Some very brief thoughts and notes on this article: In Aprils issue of the IEEE Spectrum, Jeff Hawkins (of Palm Pilot fame, and his book "On Intelligence") briefly discusses the Hierarchical Temporal Memory theory/framework as a novel engineering tool, and actual and potential applications. The HTM framework is based on the proposed operation of the human neocortex, which makes up around 60% of the brain. Although the neocortex is very uniform at both the macro- and micro-scopic levels, different regions of it are 'responsible' for a wide range of functions and differing modalities, leading to the view that its underlying functionality (that is, the 'mode of neural processing') is also uniform - that it is a general purpose learning machine. Jeff Hawkins proposes that (as further detailed in his book) that the interconnectivity of the neocortex may be traced out forming a hierarchy. It is this hierarchical connectivity, between elements of equivalent functionality, which forms the basis of the HTM. It would be useful to quote one of the concluding paragraphs which gives insight into the motivation of the work:
"HTM is not a model of a full brain or even the entire neocortex. Our system doesn't have desires, motives, or intentions of any kind. Indeed, we do not even want to make machines which are humanlike. Rather, we want to exploit a mechanism that we believe to underlie much of human thought and perception. This operating principle can be applied to many problems of pattern recognition, pattern discovery, prediction and, ultimately, robotics. But striving to build machines that pass the Turing Test is not our mission."

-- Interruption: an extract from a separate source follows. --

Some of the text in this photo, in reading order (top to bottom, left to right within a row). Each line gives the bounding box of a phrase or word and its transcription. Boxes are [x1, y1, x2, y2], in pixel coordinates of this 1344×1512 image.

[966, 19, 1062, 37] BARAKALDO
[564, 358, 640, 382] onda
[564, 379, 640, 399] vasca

This emphasis on HTM's as an engineering solution is made quite explicit, with a number of examples mentioned where the tools which have been developed on these principles have been used. These include modelling networks (e.g. computer or social), and image processing (e.g. for use in the automotive industry). The limitations of the system, on the other hand, are acknowledged: HTM's work best when there is inherent hierarchical structure in the data, due to the hierarchical structure and nature of the HTM's themselves. Also, in its current state, HTM's are unable to deal with long memory sequences, or specific timing events, rendering them unable to deal with natural language processing or robotics, however there is nothing in principle that makes it impossible at some point in the future.

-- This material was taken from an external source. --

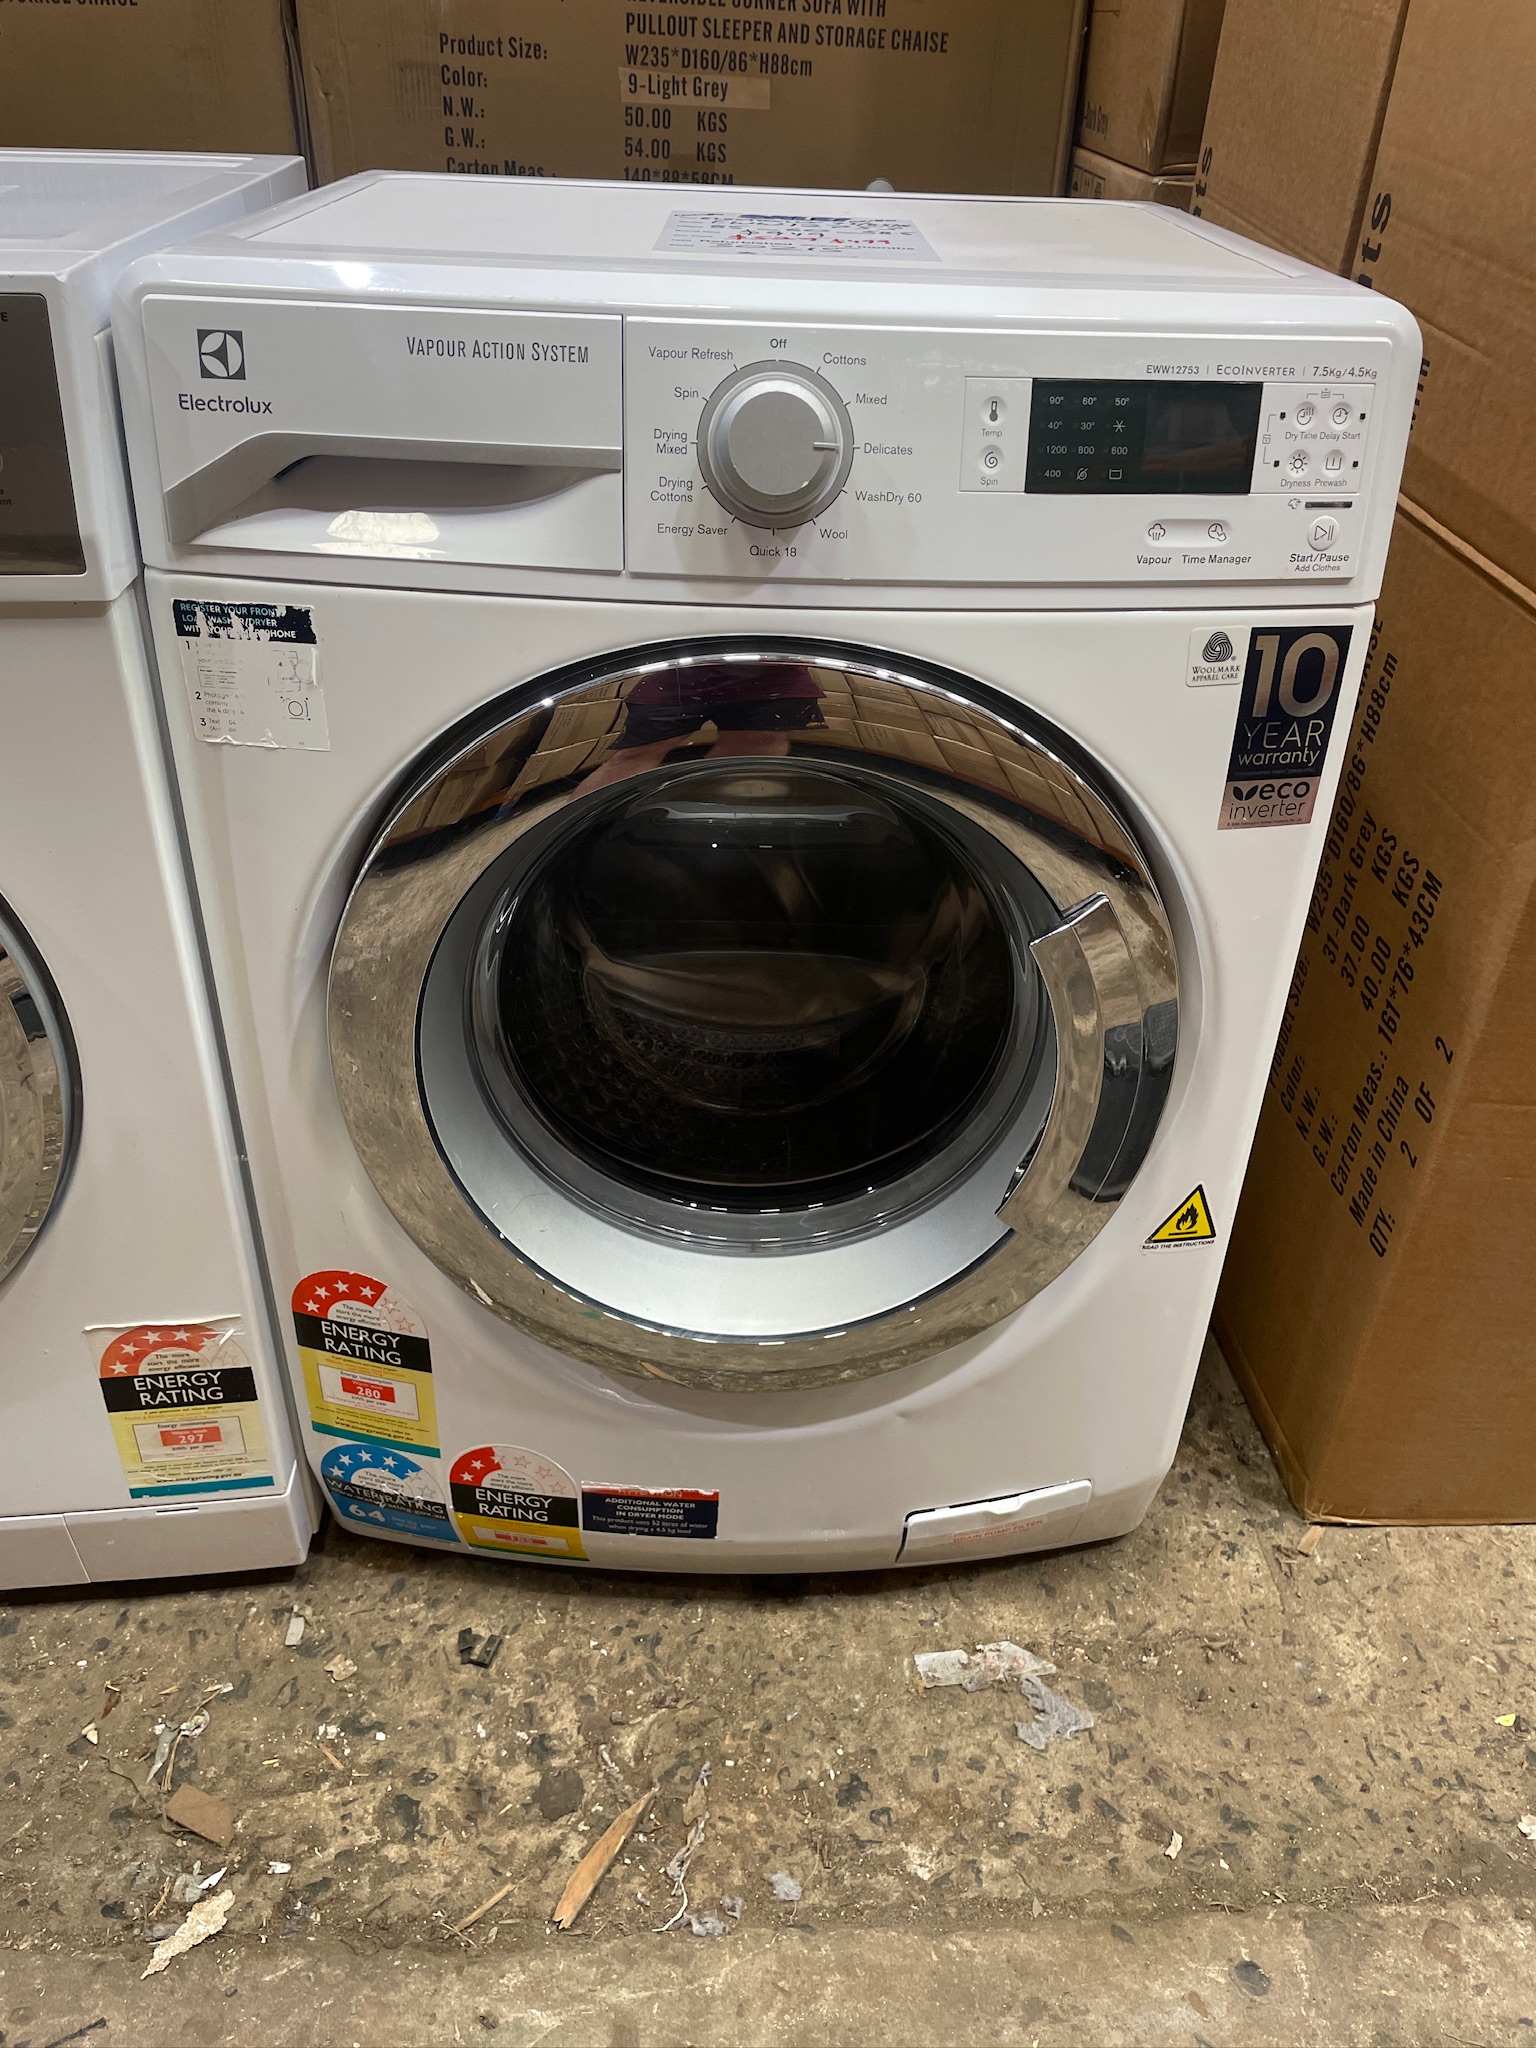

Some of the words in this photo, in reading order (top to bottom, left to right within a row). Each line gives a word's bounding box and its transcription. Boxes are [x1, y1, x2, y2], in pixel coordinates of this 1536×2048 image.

The basic principles of operation are of course not completely novel in themselves, even as acknowledged by the author. A number of other efforts and theories have used similar hierarchical structures, including Hierarchical Hidden Markov Models, and the Network Memory theory of Professor Fuster, which I have writen about in previously. I think it serves as another example of how this type of hybrid between parallel processing (a central tenet of the theory of brain information processing) and hierarchical structure is a promising line of research (indeed, it is in this area that I am working), which may be considered biologically non-implausible given our current understanding of the brain.